#### [Prompt]
For this exercise, set down all the records exactly as given.

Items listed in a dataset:
-*-

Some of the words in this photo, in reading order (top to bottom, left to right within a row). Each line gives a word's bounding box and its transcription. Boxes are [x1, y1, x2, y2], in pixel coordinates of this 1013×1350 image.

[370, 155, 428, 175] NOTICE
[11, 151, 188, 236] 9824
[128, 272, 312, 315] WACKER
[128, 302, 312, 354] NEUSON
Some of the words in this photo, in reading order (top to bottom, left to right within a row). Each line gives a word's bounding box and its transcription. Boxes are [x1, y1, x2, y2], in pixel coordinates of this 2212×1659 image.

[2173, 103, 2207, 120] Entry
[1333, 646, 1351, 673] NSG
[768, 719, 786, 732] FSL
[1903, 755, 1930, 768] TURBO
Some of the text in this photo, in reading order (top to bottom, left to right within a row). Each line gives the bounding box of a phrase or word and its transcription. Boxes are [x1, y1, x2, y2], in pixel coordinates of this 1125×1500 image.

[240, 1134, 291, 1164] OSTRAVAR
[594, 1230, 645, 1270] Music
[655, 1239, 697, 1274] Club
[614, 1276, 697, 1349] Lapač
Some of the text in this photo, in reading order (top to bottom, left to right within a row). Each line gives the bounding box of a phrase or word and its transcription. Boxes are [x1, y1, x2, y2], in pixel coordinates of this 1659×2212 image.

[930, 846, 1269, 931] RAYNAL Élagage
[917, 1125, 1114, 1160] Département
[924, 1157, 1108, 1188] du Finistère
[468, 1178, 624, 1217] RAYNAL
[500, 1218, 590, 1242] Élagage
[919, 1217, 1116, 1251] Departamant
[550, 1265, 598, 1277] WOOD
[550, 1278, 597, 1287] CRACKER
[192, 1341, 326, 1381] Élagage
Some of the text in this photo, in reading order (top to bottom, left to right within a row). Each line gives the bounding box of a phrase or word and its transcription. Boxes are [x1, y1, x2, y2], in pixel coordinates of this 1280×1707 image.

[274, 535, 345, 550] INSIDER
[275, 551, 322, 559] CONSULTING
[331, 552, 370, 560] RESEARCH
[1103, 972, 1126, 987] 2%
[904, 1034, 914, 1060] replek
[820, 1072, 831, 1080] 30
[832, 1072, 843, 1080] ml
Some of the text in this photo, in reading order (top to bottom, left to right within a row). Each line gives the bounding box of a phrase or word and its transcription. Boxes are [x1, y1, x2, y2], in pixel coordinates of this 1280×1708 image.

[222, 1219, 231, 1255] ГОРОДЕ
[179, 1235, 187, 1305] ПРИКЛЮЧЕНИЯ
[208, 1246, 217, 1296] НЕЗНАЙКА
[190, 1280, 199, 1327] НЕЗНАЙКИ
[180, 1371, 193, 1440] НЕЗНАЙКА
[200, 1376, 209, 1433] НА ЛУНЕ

-*-

#### [Answer to this task]
Some of the words in this photo, in reading order (top to bottom, left to right within a row). Each line gives a word's bounding box and its transcription. Boxes are [x1, y1, x2, y2], in pixel coordinates of this 1013×1350 image.

[370, 155, 428, 175] NOTICE
[11, 151, 188, 236] 9824
[128, 272, 312, 315] WACKER
[128, 302, 312, 354] NEUSON
Some of the words in this photo, in reading order (top to bottom, left to right within a row). Each line gives a word's bounding box and its transcription. Boxes are [x1, y1, x2, y2], in pixel coordinates of this 2212×1659 image.

[2173, 103, 2207, 120] Entry
[1333, 646, 1351, 673] NSG
[768, 719, 786, 732] FSL
[1903, 755, 1930, 768] TURBO
Some of the text in this photo, in reading order (top to bottom, left to right within a row). Each line gives the bounding box of a phrase or word and its transcription. Boxes are [x1, y1, x2, y2], in pixel coordinates of this 1125×1500 image.

[240, 1134, 291, 1164] OSTRAVAR
[594, 1230, 645, 1270] Music
[655, 1239, 697, 1274] Club
[614, 1276, 697, 1349] Lapač
Some of the text in this photo, in reading order (top to bottom, left to right within a row). Each line gives the bounding box of a phrase or word and its transcription. Boxes are [x1, y1, x2, y2], in pixel coordinates of this 1659×2212 image.

[930, 846, 1269, 931] RAYNAL Élagage
[917, 1125, 1114, 1160] Département
[924, 1157, 1108, 1188] du Finistère
[468, 1178, 624, 1217] RAYNAL
[500, 1218, 590, 1242] Élagage
[919, 1217, 1116, 1251] Departamant
[550, 1265, 598, 1277] WOOD
[550, 1278, 597, 1287] CRACKER
[192, 1341, 326, 1381] Élagage
Some of the text in this photo, in reading order (top to bottom, left to right within a row). Each line gives the bounding box of a phrase or word and its transcription. Boxes are [x1, y1, x2, y2], in pixel coordinates of this 1280×1707 image.

[274, 535, 345, 550] INSIDER
[275, 551, 322, 559] CONSULTING
[331, 552, 370, 560] RESEARCH
[1103, 972, 1126, 987] 2%
[904, 1034, 914, 1060] replek
[820, 1072, 831, 1080] 30
[832, 1072, 843, 1080] ml
Some of the text in this photo, in reading order (top to bottom, left to right within a row). Each line gives the bounding box of a phrase or word and its transcription. Boxes are [x1, y1, x2, y2], in pixel coordinates of this 1280×1708 image.

[222, 1219, 231, 1255] ГОРОДЕ
[179, 1235, 187, 1305] ПРИКЛЮЧЕНИЯ
[208, 1246, 217, 1296] НЕЗНАЙКА
[190, 1280, 199, 1327] НЕЗНАЙКИ
[180, 1371, 193, 1440] НЕЗНАЙКА
[200, 1376, 209, 1433] НА ЛУНЕ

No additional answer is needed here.